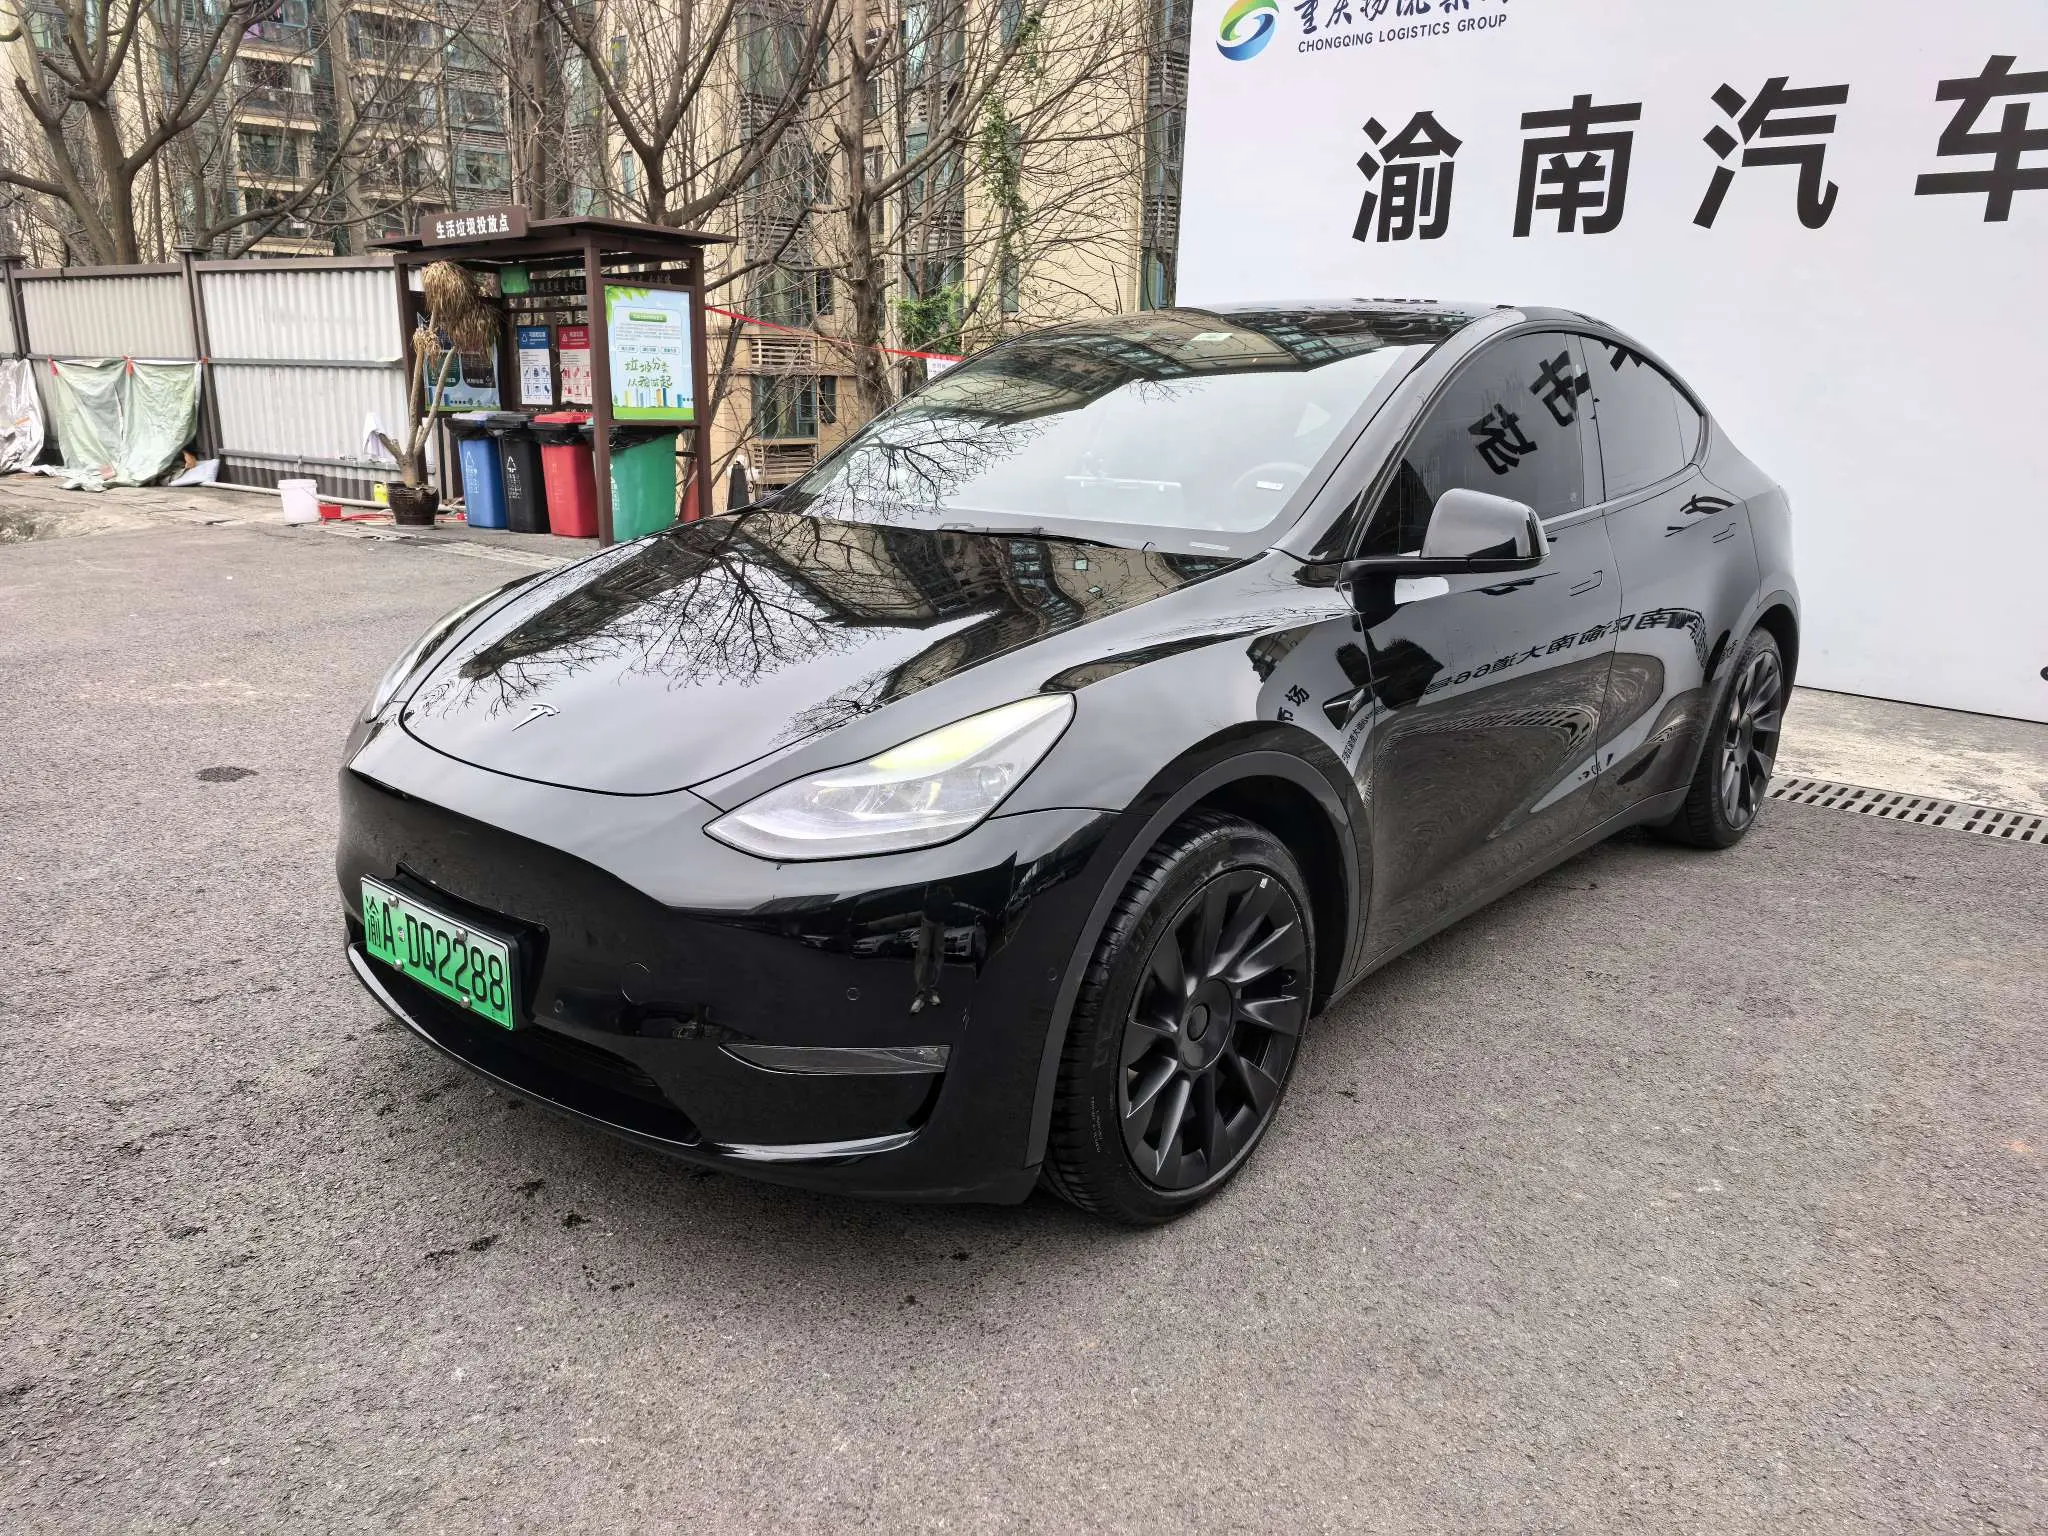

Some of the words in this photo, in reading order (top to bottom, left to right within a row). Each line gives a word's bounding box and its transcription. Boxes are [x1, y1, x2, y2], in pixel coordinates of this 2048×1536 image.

[1298, 32, 1374, 53] CHONGQING
[1379, 21, 1450, 43] LOGISTICS
[1457, 13, 1507, 32] GROUP
[1352, 54, 2048, 243] 渝南汽车
[435, 213, 510, 239] 生活垃圾投放点
• • • •
Assignment
Leave out the pictures, and write out all the remaining data above exactly.

Problem solution
Some of the words in this photo, in reading order (top to bottom, left to right within a row). Each line gives a word's bounding box and its transcription. Boxes are [x1, y1, x2, y2], in pixel coordinates of this 2048×1536 image.

[1298, 32, 1374, 53] CHONGQING
[1379, 21, 1450, 43] LOGISTICS
[1457, 13, 1507, 32] GROUP
[1352, 54, 2048, 243] 渝南汽车
[435, 213, 510, 239] 生活垃圾投放点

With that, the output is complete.